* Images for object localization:
* * * *

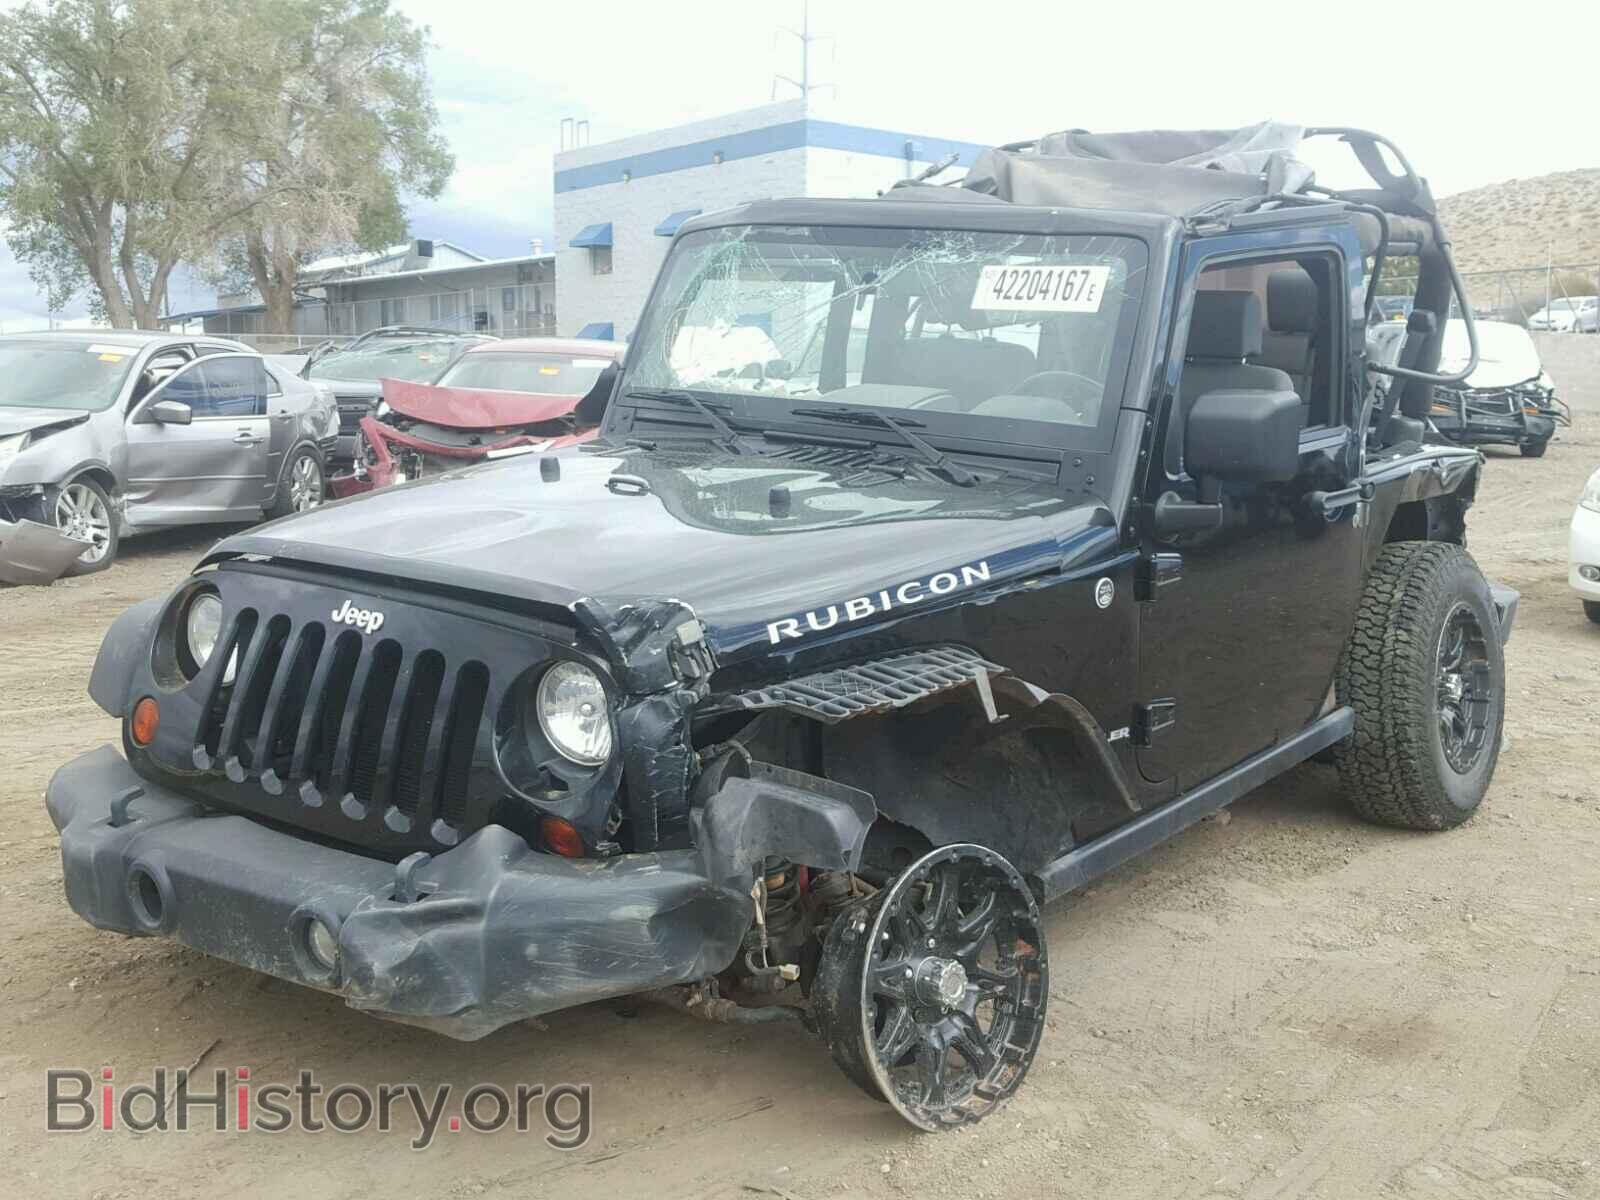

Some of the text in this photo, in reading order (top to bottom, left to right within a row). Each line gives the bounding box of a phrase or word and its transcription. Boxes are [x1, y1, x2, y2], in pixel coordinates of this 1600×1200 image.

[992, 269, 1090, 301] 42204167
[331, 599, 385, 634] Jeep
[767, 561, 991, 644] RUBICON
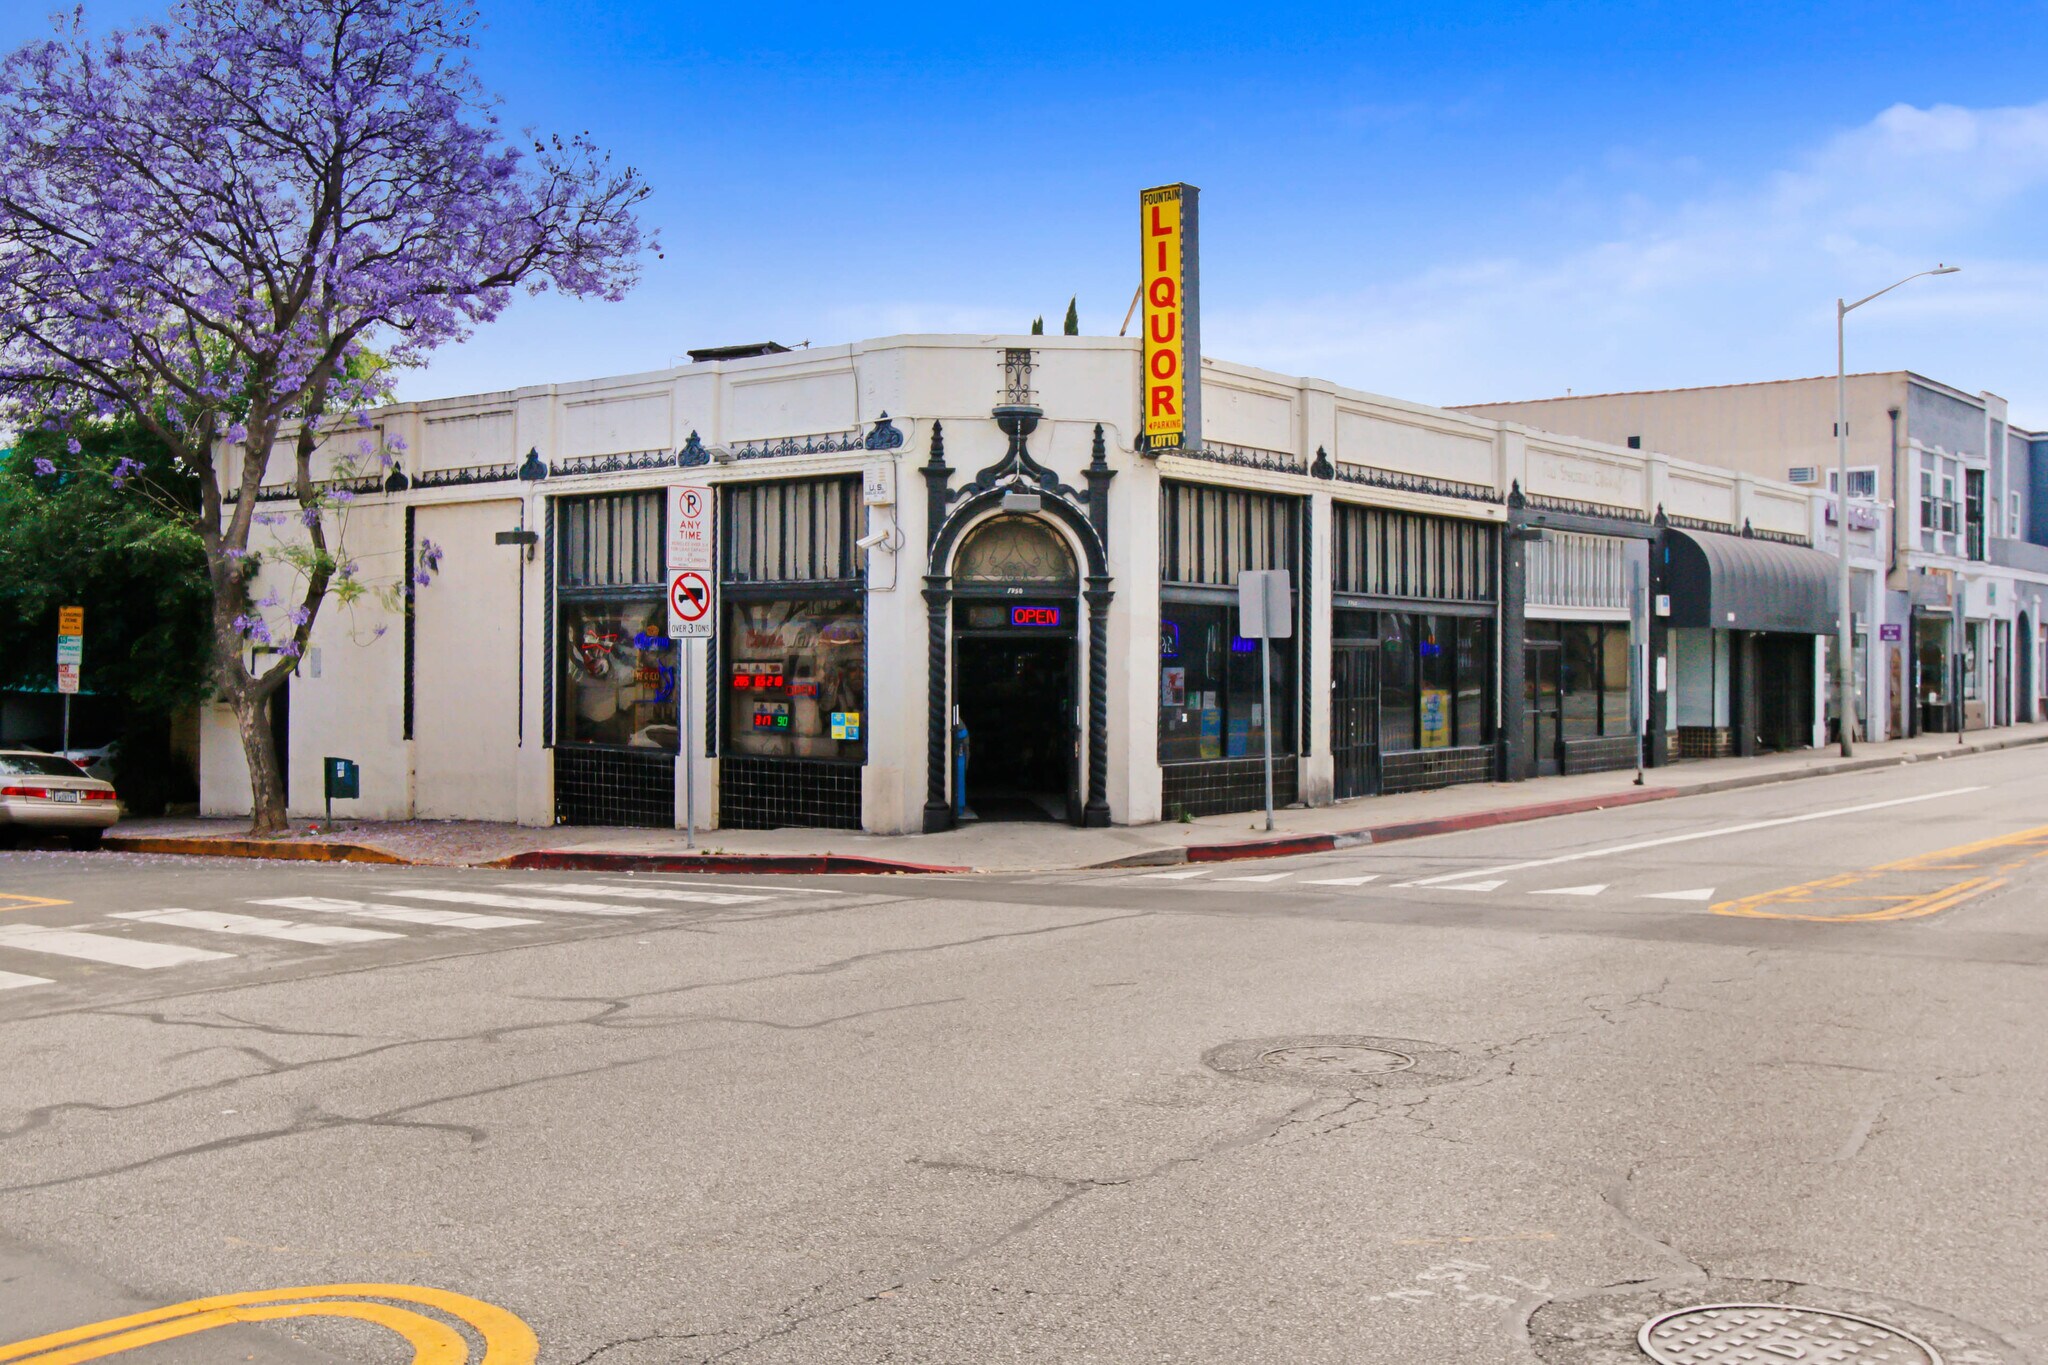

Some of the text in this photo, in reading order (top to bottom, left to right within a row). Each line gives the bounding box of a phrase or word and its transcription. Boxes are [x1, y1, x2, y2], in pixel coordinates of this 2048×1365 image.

* * * *

* Description of the task:
Give back each of the records above word for word, apart from the pictures.

* Solution:
Some of the text in this photo, in reading order (top to bottom, left to right within a row). Each line gives the bounding box of a phrase or word and its transcription. Boxes are [x1, y1, x2, y2], in pixel coordinates of this 1600×1200 image.

[992, 269, 1090, 301] 42204167
[331, 599, 385, 634] Jeep
[767, 561, 991, 644] RUBICON

Some of the text in this photo, in reading order (top to bottom, left to right within a row). Each line gives the bounding box of a phrase or word and its transcription. Boxes are [x1, y1, x2, y2], in pixel coordinates of this 2048×1365 image.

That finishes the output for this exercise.